Legislative body of Figueira de Castelo Rodrigo

The Figueira de Castelo Rodrigo Municipal Chamber (Câmara Municipal de Figueira de Castelo Rodrigo) is the administrative authority in the municipality of Figueira de Castelo Rodrigo. It has 10 freguesias in its area of jurisdiction and is based in the town of Figueira de Castelo Rodrigo, on the Guarda District. These freguesias are: Algodres, Vale de Afonsinho e Vilar de Amargo; Almofala e Escarigo; Castelo Rodrigo; Cinco Vilas e Reigada; Colmeal e Vilar Torpim; Escalhão; Figueira de Castelo Rodrigo; Freixeda do Torrão, Quintã de Pêro Martins e Penha de Águia; Mata de Lobos and Vermiosa.

The Figueira de Castelo Rodrigo City Council is made up of 5 councillors, representing, currently, two different political forces. The first candidate on the list with the most votes in a municipal election or, in the event of a vacancy, the next candidate on the list, takes office as President of the Municipal Chamber.

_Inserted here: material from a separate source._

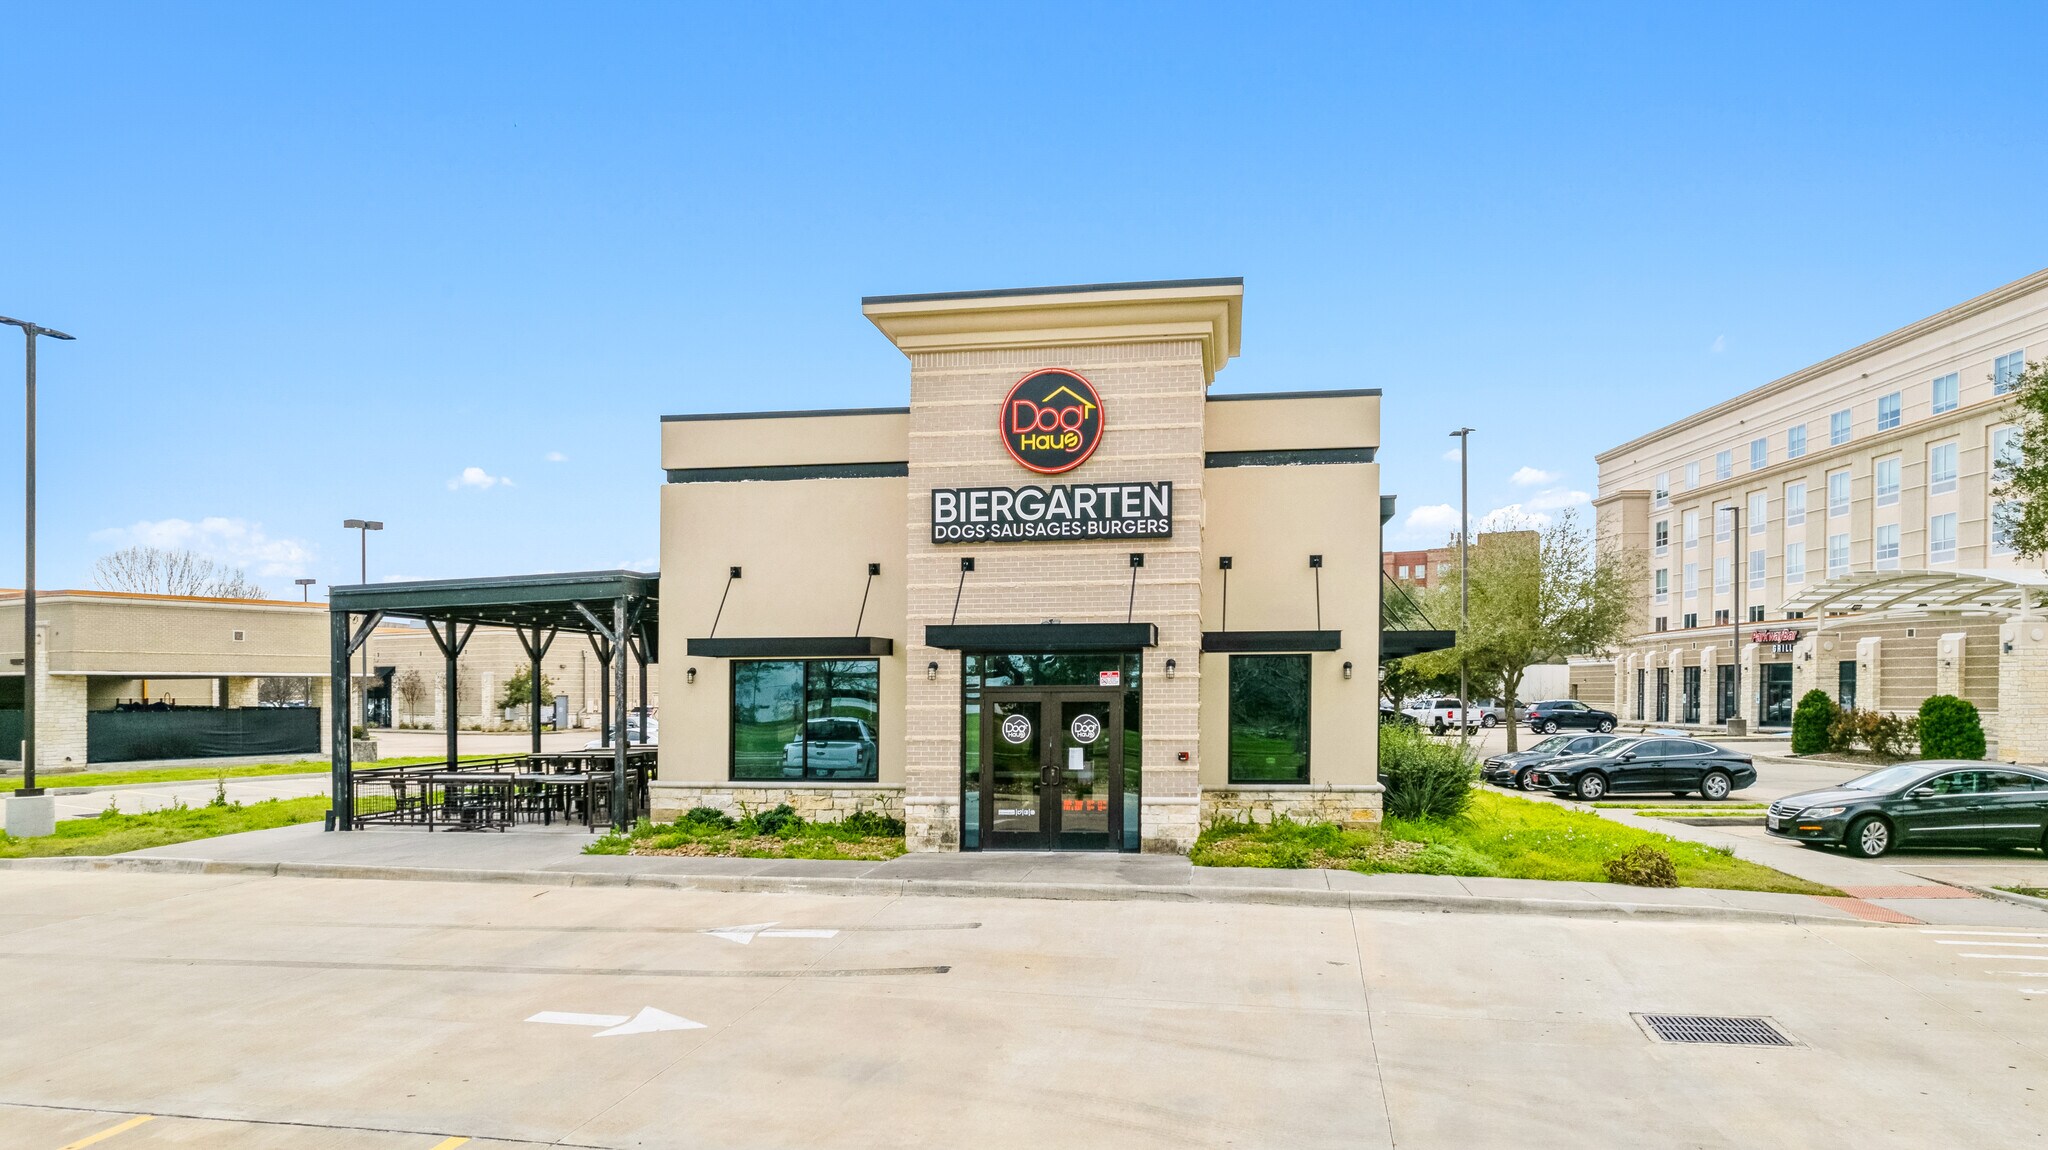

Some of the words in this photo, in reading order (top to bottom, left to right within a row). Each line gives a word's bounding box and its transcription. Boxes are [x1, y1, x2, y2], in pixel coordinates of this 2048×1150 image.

== List of the Presidents of the Municipal Chamber of Figueira de Castelo Rodrigo ==

- José Pinto Lopes – (1976–1979)
- Adolfo Cabral Matos – (1979–1982)
- Fernando Carrilho Martins – (1982–1989)
- Fernando Madeira Bordalo – (1989–1997)
- Armando Pinto Lopes – (1997–2005)
- António Edmundo Ribeiro – (2005–2013)
- Paulo Langrouva – (2013–2021)
- Carlos Manuel Martins Condesso – (2021–2025)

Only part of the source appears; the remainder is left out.